Aug ’18 Income and Expenses

So once again things are flying by and I find myself a month behind already – I put it down to a holiday, providing holiday cover and work being very busy indeed.

I am definitely not complaining but time is really pelting on, which makes me glad for the GTP ISA – I don’t need to do anything!

Anyway, onto the more interesting (hopefully!) side of things…

Income

So the usual salary has gone in and a little extra from my other half’s ISA dropped in which continues to build and help. All in, nothing exciting and life continues to move on. And naturally, of course, dreaming of having that stream of cash coming in without having to work!

Expenses

Item Notes Amount
Things I choose not to avoid* Mortgage, Insurance, shared bills etc. – yes, we could move somewhere cheaper, not have insurance, reduce our bills a bit and so on, but we are where we are.  31%
Groceries All the food and other stuff needed for home  3%
Alcohol for home Home alcohol consumption only 4%
Bicycles / Car related Any costs related to either the bikes or the car  1%
Alcohol Out Generally, its the pub….  6%
Eating Out I include purchased lunches in this as well as meals out etc.  6%
Other My catch all for anything I may have missed….  3%
Holidays Any spending related to holidays, flights etc.  8%
Savings Anything left over! This includes money into ISAs, mortgage payments and non relief pension contributions. My company pension comes out before it hits my bank account so isn’t included, nor do I include the “top up” of money when my money goes into my personal pension (i.e. I put in £100, I register it as £100, not the £125 that gets credited in my pension)  38%

* This covers a number of things that I would class as essential for me. Yes, I could move to somewhere cheaper to reduce the mortgage (which in turn would reduce the insurance I have to pay), yes I could reduce my bills by switching energy supplier etc. but it comes down to what I am happy with. There are a few other things in there that are classified as essential that others may object, and so I have just lumped it into there.

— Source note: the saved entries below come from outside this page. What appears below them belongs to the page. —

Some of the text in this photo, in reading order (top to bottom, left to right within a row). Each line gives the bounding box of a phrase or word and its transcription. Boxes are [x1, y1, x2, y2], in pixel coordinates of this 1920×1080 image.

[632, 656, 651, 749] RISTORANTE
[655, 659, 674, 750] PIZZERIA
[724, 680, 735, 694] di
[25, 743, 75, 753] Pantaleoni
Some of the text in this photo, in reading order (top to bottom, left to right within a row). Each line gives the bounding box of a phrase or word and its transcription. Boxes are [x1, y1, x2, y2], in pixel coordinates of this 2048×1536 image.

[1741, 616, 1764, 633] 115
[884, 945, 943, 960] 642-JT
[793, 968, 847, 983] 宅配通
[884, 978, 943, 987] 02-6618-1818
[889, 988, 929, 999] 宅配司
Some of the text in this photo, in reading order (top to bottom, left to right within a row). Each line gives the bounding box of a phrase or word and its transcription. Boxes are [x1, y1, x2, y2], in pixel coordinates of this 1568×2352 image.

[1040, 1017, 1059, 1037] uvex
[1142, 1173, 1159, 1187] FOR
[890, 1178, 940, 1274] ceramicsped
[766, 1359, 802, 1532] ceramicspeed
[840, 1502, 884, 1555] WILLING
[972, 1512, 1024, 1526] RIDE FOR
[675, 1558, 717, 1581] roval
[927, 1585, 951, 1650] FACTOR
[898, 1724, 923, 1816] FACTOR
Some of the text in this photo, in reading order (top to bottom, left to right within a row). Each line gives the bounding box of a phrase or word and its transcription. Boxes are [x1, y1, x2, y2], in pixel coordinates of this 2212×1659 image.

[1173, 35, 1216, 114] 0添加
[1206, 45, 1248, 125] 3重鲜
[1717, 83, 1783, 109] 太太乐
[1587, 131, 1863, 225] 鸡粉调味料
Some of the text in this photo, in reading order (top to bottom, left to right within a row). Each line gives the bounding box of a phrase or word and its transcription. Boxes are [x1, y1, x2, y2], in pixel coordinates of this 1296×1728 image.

So a friends wedding and stag do hit the holiday numbers and alcohol and food out – it doesn’t happen often so I made the most of it! Unfortunately, although the savings rate still looks good, the only way I could keep my GTP ISA going was by eating further into my cash reserves. This will soon have to stop of course.

Other than that things just keep ticking along, no great surprises and mostly keeping a lid on the spending. The holiday and stag do did put a big dent into the costs, however if I can reduce those going forward I will be in a much stronger position.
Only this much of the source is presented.